### Exercise prompt:
An exact transcription of all the records below is required, without any images.

### Exercise input:
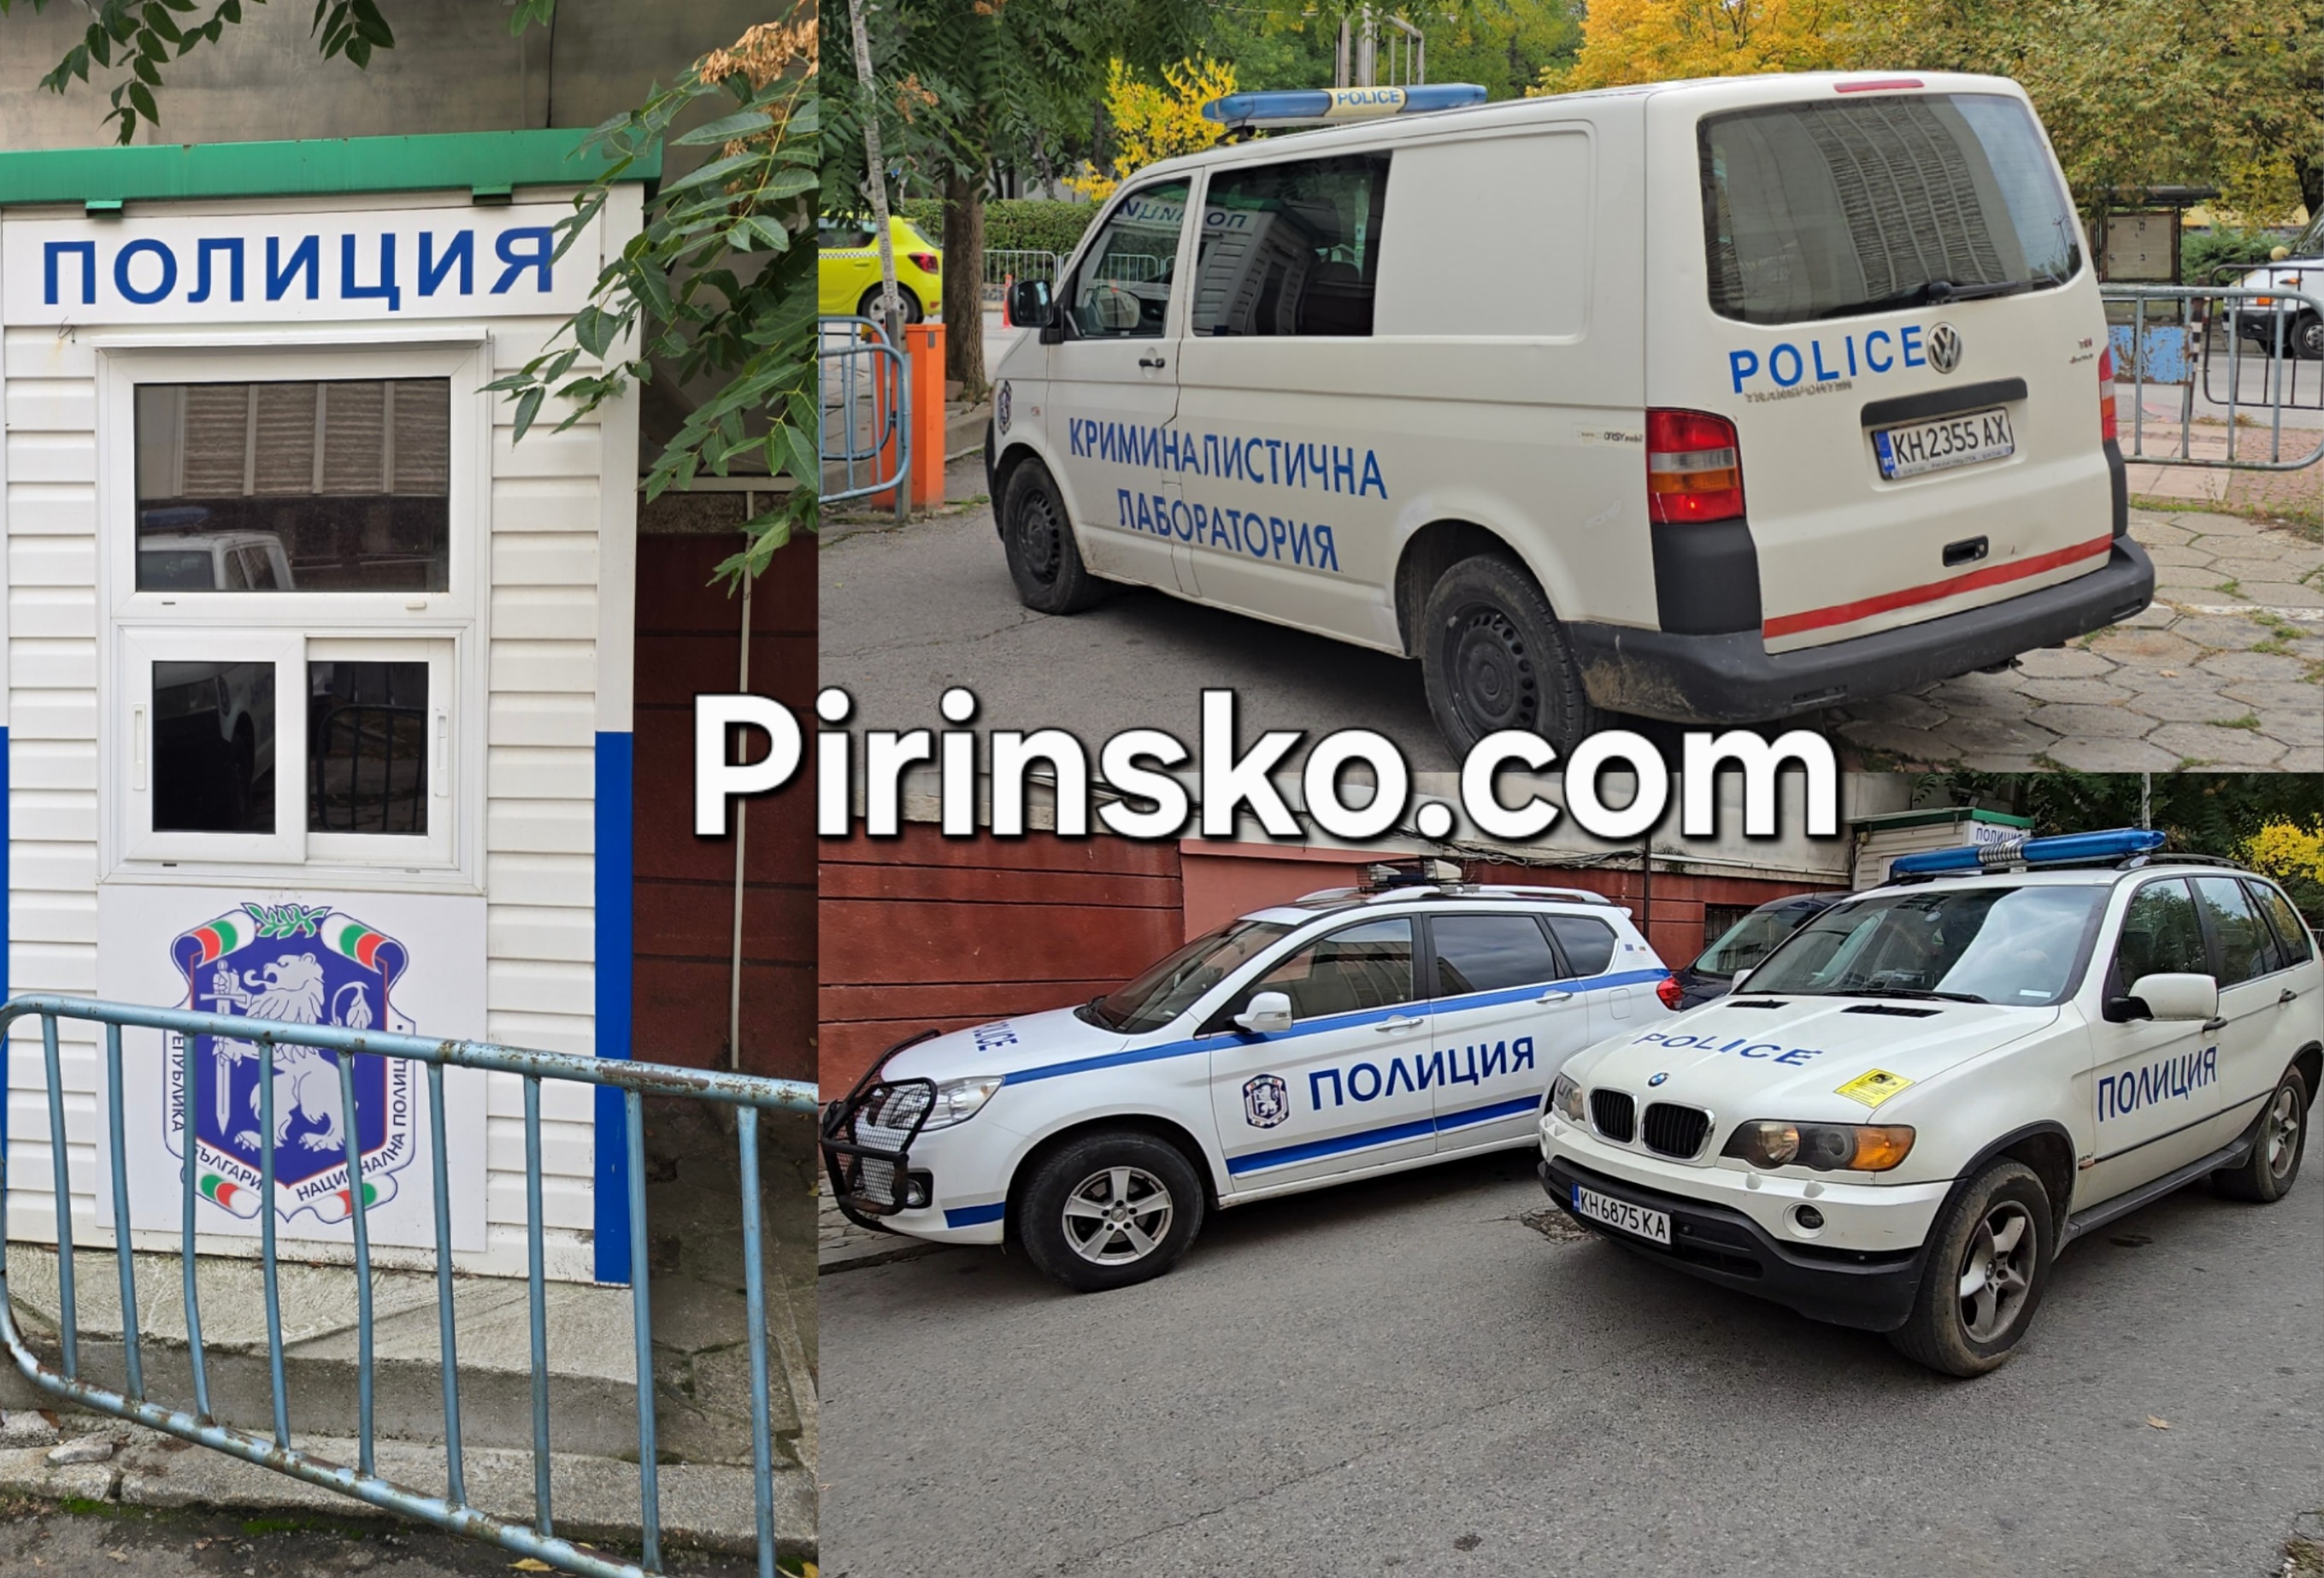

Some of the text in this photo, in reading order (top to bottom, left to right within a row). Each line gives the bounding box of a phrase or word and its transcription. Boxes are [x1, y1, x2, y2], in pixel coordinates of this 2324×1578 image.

[1337, 90, 1401, 105] POLICE
[44, 227, 554, 310] ПОЛИЦИЯ
[1729, 325, 1927, 394] POLICE
[1069, 417, 1388, 500] КРИМИНАЛИСТИЧНА
[1117, 488, 1339, 572] ЛАБОРАТОРИЯ
[1309, 1036, 1534, 1110] ПОЛИЦИЯ
[1631, 1033, 1823, 1066] POLICE
[2098, 1045, 2216, 1122] ПОЛИЦИЯ
[172, 1029, 262, 1191] ЕПУБЛИКА ЪЛГАРИ
[296, 1058, 409, 1201] НАЦИНАЛНА ПОЛИЦ

### Solved exercise:
Some of the text in this photo, in reading order (top to bottom, left to right within a row). Each line gives the bounding box of a phrase or word and its transcription. Boxes are [x1, y1, x2, y2], in pixel coordinates of this 2324×1578 image.

[1337, 90, 1401, 105] POLICE
[44, 227, 554, 310] ПОЛИЦИЯ
[1729, 325, 1927, 394] POLICE
[1069, 417, 1388, 500] КРИМИНАЛИСТИЧНА
[1117, 488, 1339, 572] ЛАБОРАТОРИЯ
[1309, 1036, 1534, 1110] ПОЛИЦИЯ
[1631, 1033, 1823, 1066] POLICE
[2098, 1045, 2216, 1122] ПОЛИЦИЯ
[172, 1029, 262, 1191] ЕПУБЛИКА ЪЛГАРИ
[296, 1058, 409, 1201] НАЦИНАЛНА ПОЛИЦ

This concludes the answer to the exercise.